◆ About this exercise ◆
Lines to be reproduced exactly: the one that holds "this 1288×966 image." and all those after it through the end of the data. Include no others.

◆ Dataset excerpts ◆
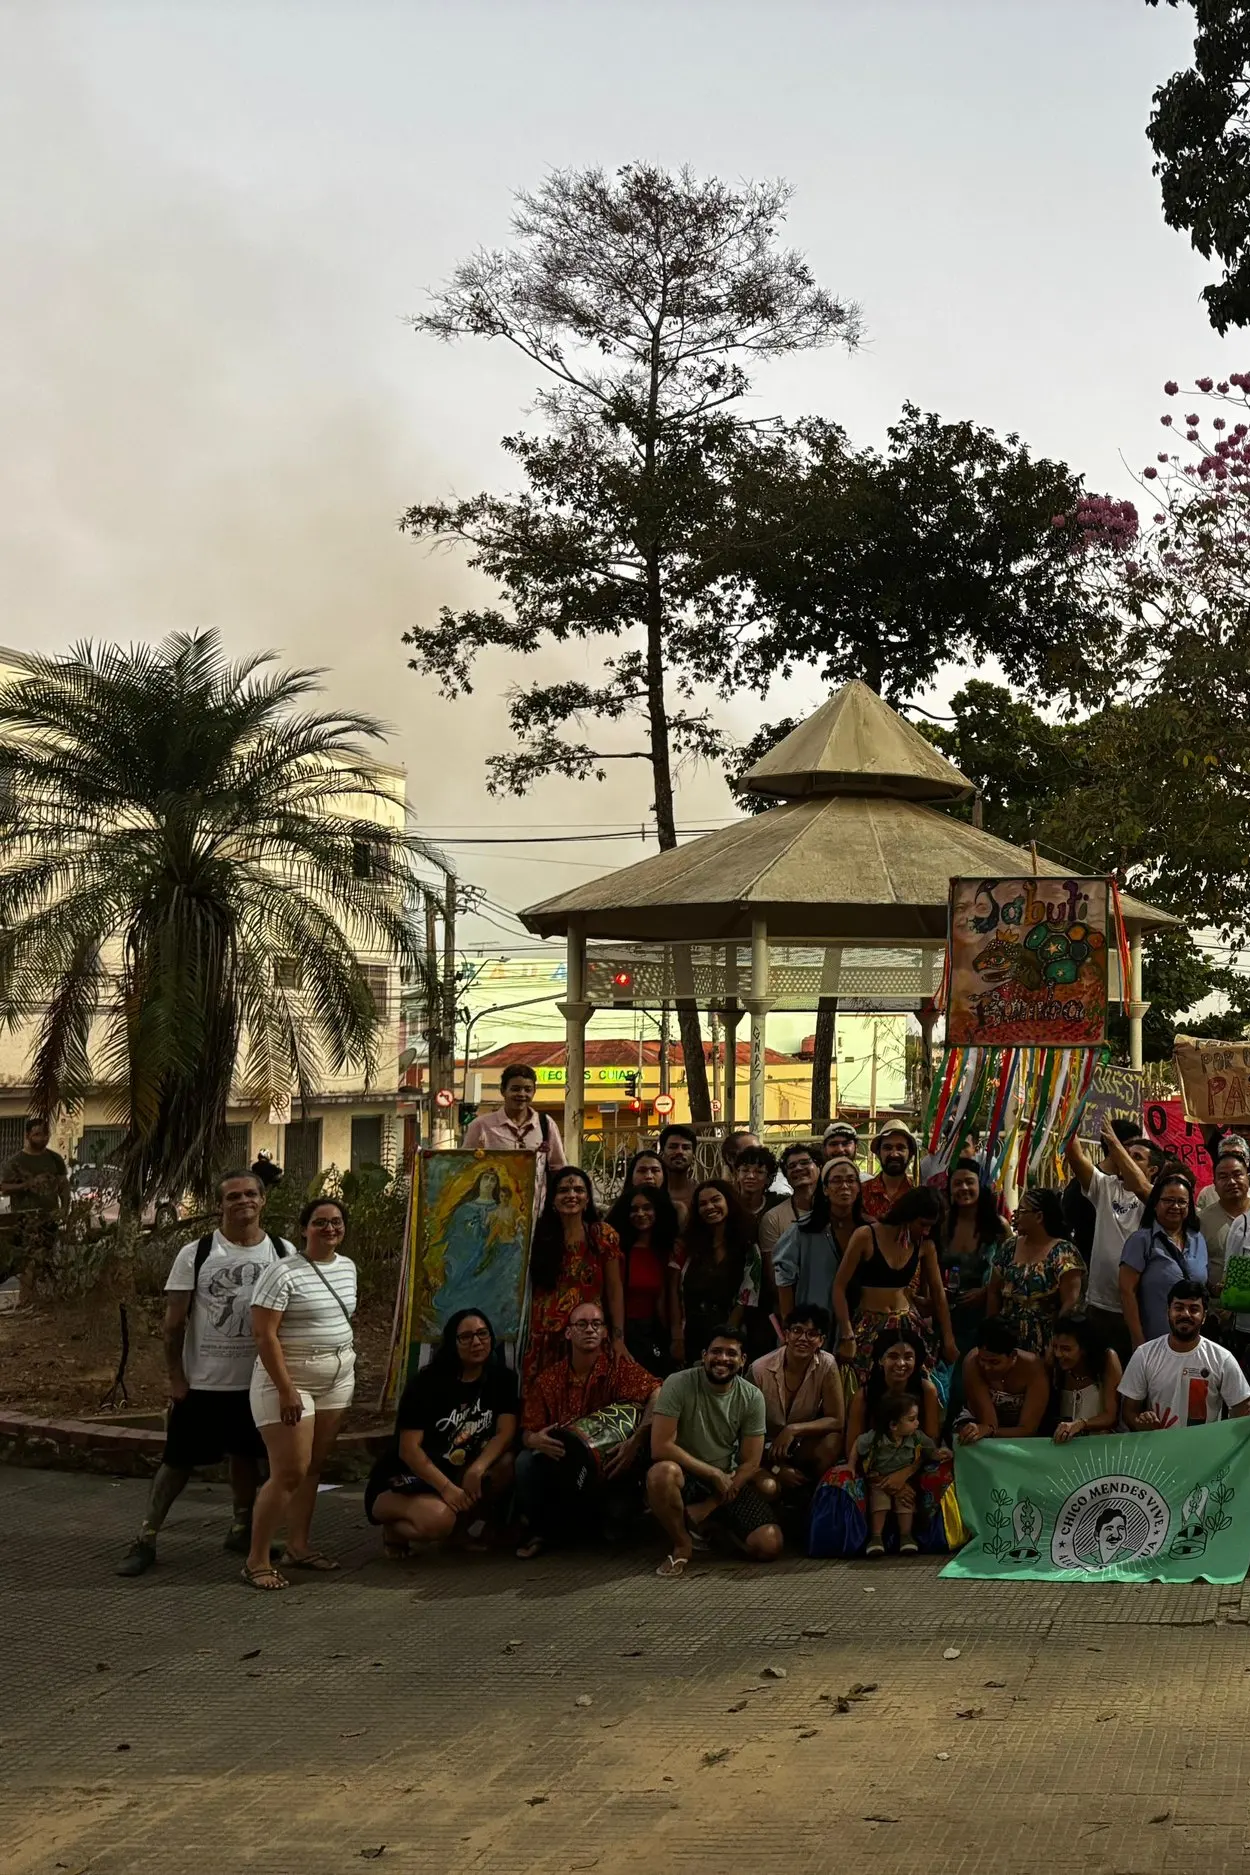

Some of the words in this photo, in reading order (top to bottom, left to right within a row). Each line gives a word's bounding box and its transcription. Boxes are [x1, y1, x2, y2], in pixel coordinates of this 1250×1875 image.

[1200, 1050, 1234, 1073] POR
[1061, 1496, 1087, 1536] CHICO
[1088, 1482, 1148, 1500] MENDES
[1146, 1496, 1165, 1528] VIVE
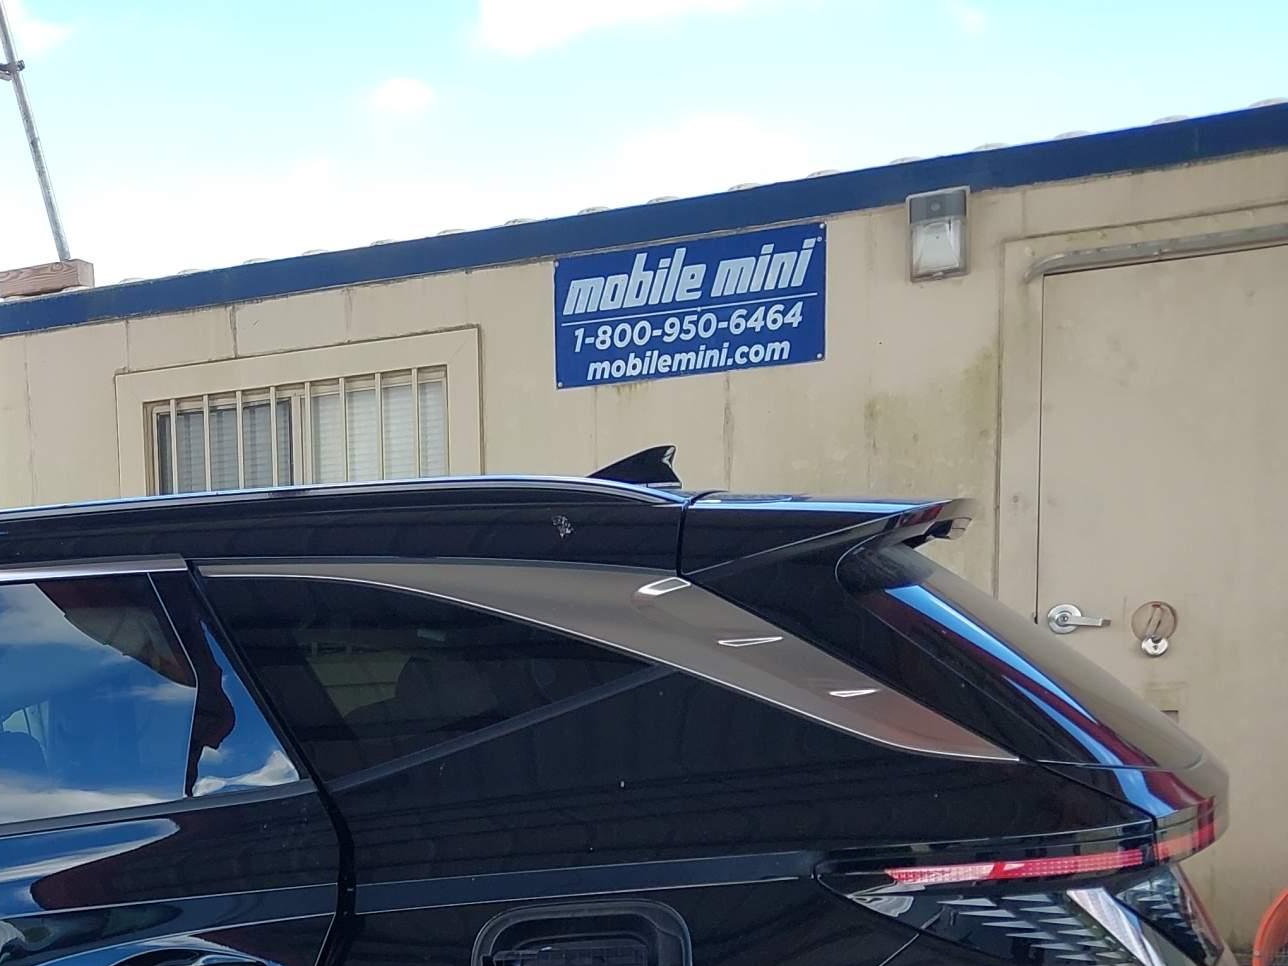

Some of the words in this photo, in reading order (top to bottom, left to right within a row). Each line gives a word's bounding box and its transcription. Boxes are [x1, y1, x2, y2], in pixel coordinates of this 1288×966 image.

[562, 247, 706, 316] mobile
[711, 237, 817, 297] mini
[573, 301, 803, 352] 1-800-950-6464
[586, 340, 790, 380] mobilemini.com

◆ Solution ◆
Some of the words in this photo, in reading order (top to bottom, left to right within a row). Each line gives a word's bounding box and its transcription. Boxes are [x1, y1, x2, y2], in pixel coordinates of this 1288×966 image.

[562, 247, 706, 316] mobile
[711, 237, 817, 297] mini
[573, 301, 803, 352] 1-800-950-6464
[586, 340, 790, 380] mobilemini.com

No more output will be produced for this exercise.